What about this stuff? I think ill try this they call it micro pore surgical tape I guess.


----------



## Dane (Aug 19, 2004)

I've always used coffee filters. About 20 per culture, crumpled, and lightly pressed into the media. The paper can help absorb excess moisture, and still offer climbing and pupating space for the larvae.


----------



## philipee32 (Jul 2, 2015)

That's a good idea I'll try that too. Aka paper tape


----------



## Broseph (Dec 5, 2011)

I use the brown packing paper that comes in all my Amazon.com boxes. It's free and I always have more than I need. Cut into strips and fan folded, it works about the same as coffee filters.


----------



## BlueRidge (Jun 12, 2010)

I don't understand why more people just don't use the deli cups with the punched fabric lids like from NE herp. I know its a slight added expense but you can wash/reuse the deli cups and just buy more lids and the lids are perfectly ventilated.


----------



## Dane (Aug 19, 2004)

JaredJ said:


> I don't understand why more people just don't use the deli cups with the punched fabric lids like from NE herp. I know its a slight added expense but you can wash/reuse the deli cups and just buy more lids and the lids are perfectly ventilated.


I don't know anyone that doesn't already use vented poly-fabric lids. I think the question presented in this thread was about material to sink into the feeder media for the larvae and flies to climb on.


----------



## BlueRidge (Jun 12, 2010)

Dane said:


> I don't know anyone that doesn't already use vented poly-fabric lids. I think the question presented in this thread was about material to sink into the feeder media for the larvae and flies to climb on.


Well he said in the original post that he thinks he needs more ventilation in his cultures.

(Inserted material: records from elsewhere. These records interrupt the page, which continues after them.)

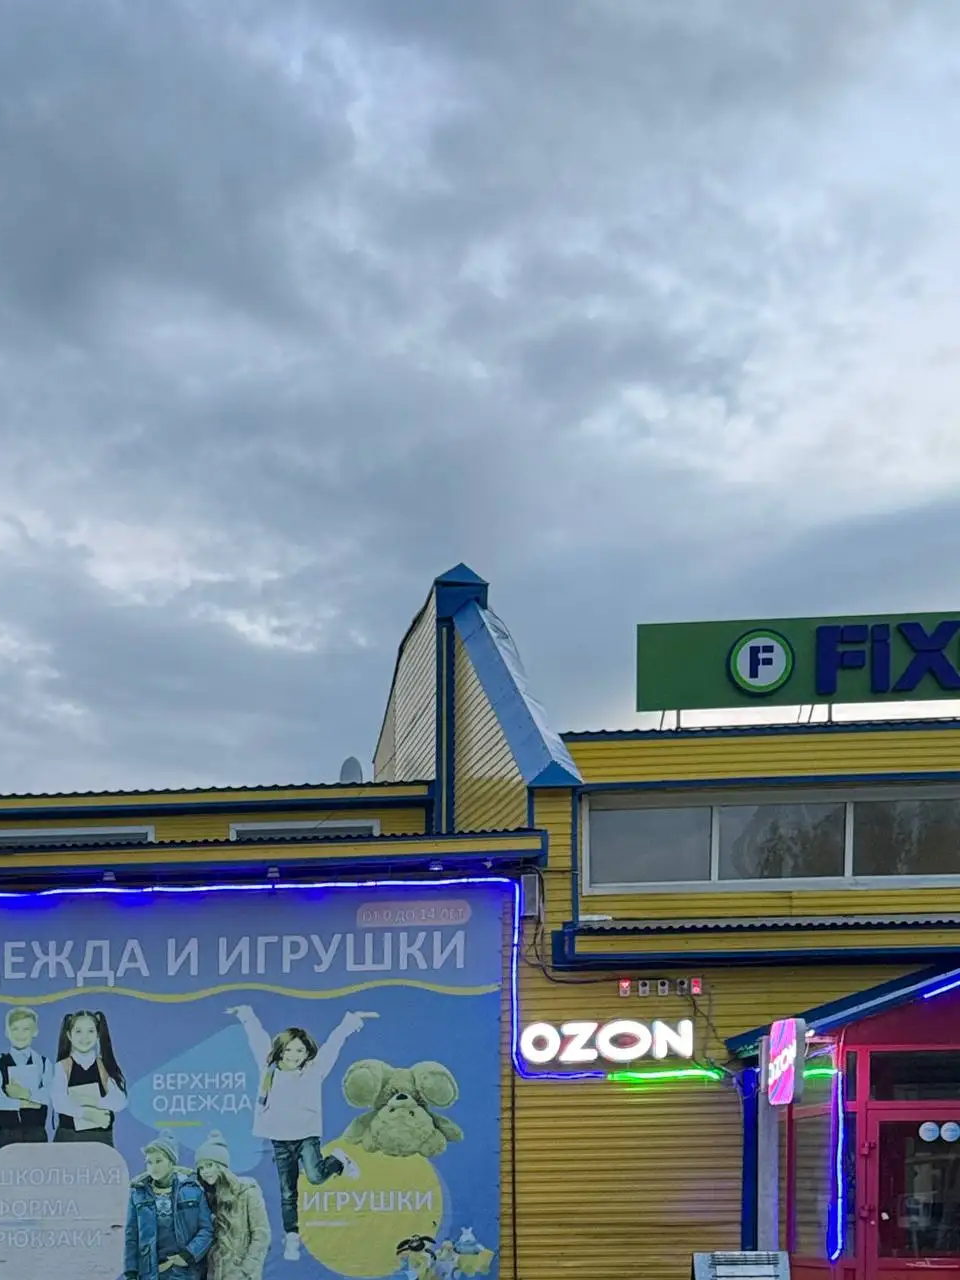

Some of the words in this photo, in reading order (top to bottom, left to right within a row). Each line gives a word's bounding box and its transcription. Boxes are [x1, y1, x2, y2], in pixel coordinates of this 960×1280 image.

[167, 937, 199, 976] И
[218, 930, 465, 975] ИГРУШКИ
[520, 1019, 693, 1064] OZON
[153, 1072, 246, 1091] ВЕРХНЯЯ
[153, 1094, 253, 1115] ОДЕЖДА
[303, 1190, 434, 1212] ИГРУШКИ
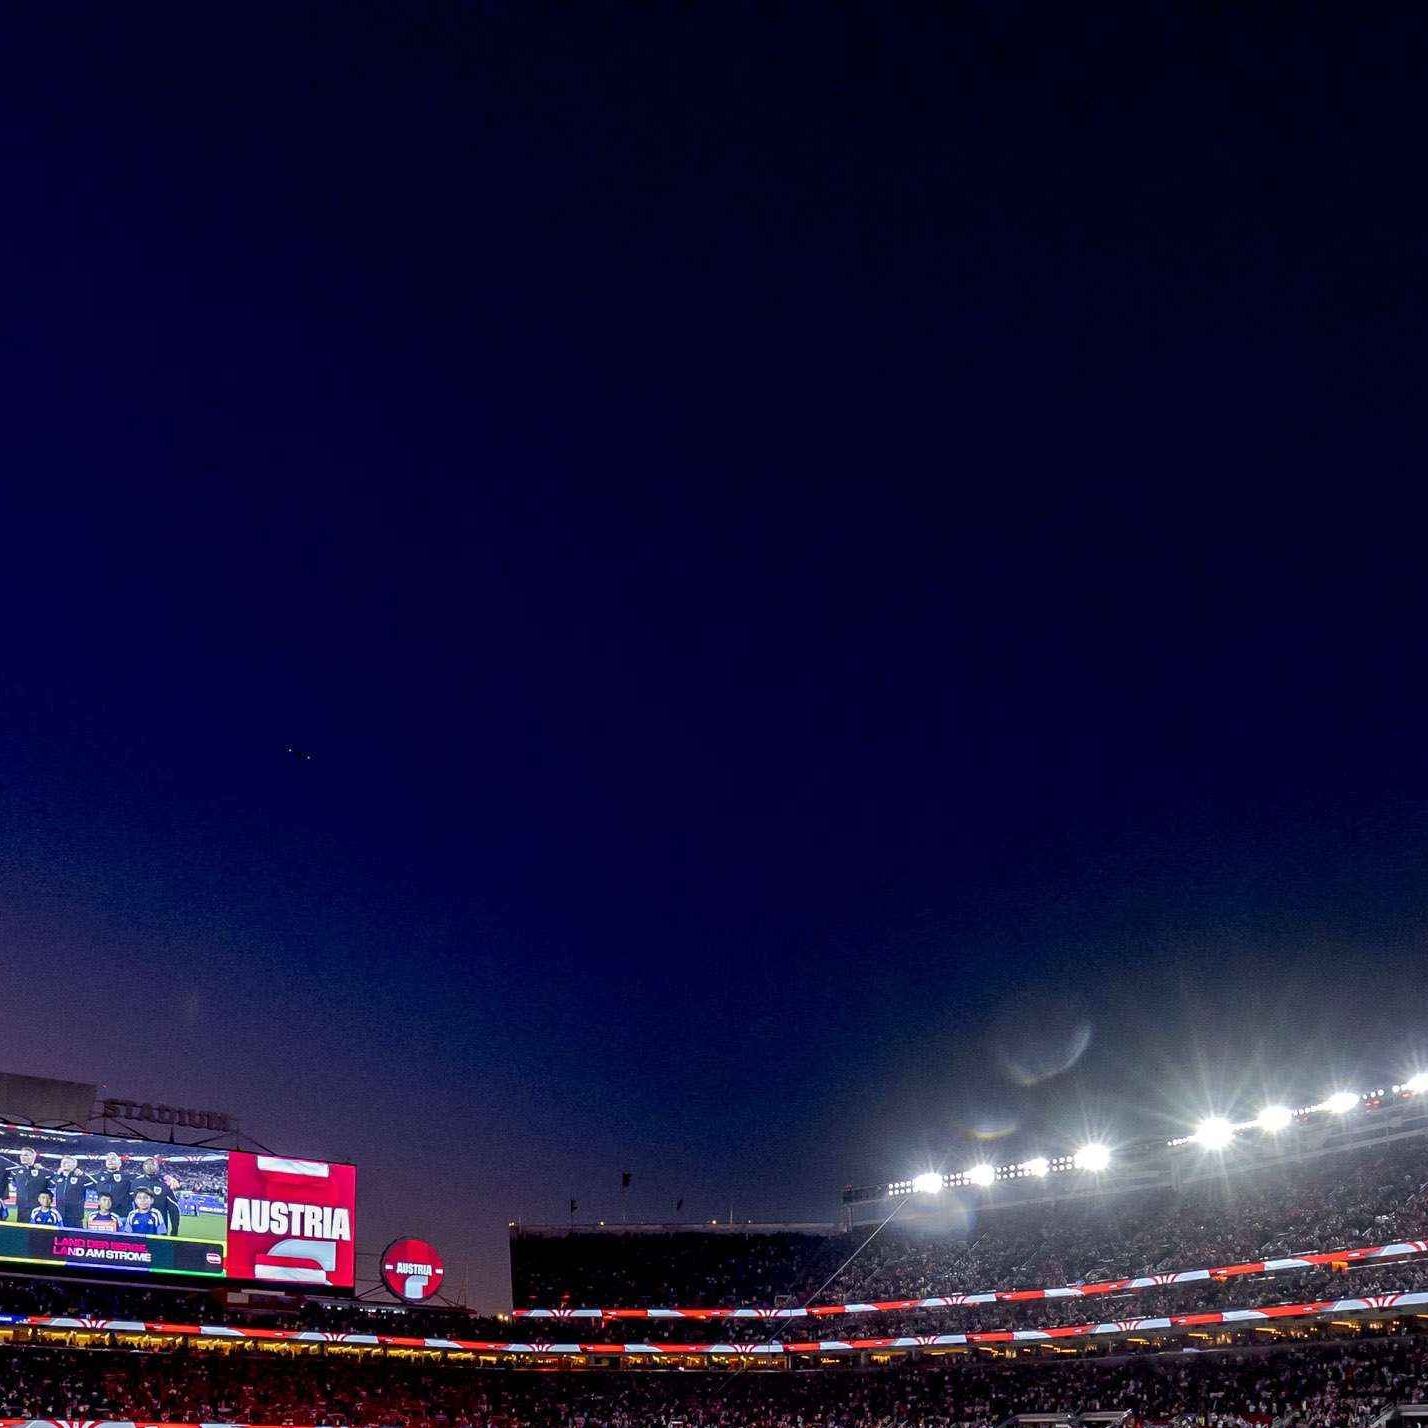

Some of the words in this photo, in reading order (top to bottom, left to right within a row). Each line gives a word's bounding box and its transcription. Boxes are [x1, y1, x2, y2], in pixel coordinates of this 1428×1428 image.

Poly lids are perfect.


----------



## Blueper (Feb 27, 2016)

I'm not understanding the excess moisture/liquid problem.
Are you making the media too soupy?
What food are you using?
FFs like it humid. Usually you don't want too much ventilation and for the food to dry out. I'm thinking you should make the food a little drier, like a peanut butter consistency. Instead of the tape, maybe you could cut bigger holes in the lids and glue landscape fabric over the hole. Or even a coffee filter. Landscape fabric is probably more durable for washing and reuse.
Another cheap climbing surface alternative is plastic Easter grass. Can probably find that at any hobby store.


----------



## philipee32 (Jul 2, 2015)

Oh they sell them at NE herp you say? No I was originally talking about the lids. That coffee filter thing sounds like it would work. I used micro pore paper tape over hole punched lid of a mcdonalds large mc Cafe cup.


----------



## philipee32 (Jul 2, 2015)

.39 cents a container pretty reasonable looks like they have a lot of cheaper prices too thanks.


----------



## DragonSpirit1185 (Dec 6, 2010)

If they are drowning in the bottom then you need to add less water. It can sometimes be a little too moist to where it moves around but if it's soupy than that might be your issue. 
I've never had issues with flies drowning cause I don't make my cultures soupy. 
I know the cultures I got from Josh's Frogs most of the flies drowned cause it was so soupy. 
My cultures now are kinda like that because I moved from Iowa to Georgia and come to find out it's more humid here so the cultures need less water. 
Speaking of cultures i need to go make some lol this time less water


----------



## DragonSpirit1185 (Dec 6, 2010)

philipee32 said:


> Oh they sell them at NE herp you say? No I was originally talking about the lids. That coffee filter thing sounds like it would work. I used micro pore paper tape over hole punched lid of a mcdonalds large mc Cafe cup.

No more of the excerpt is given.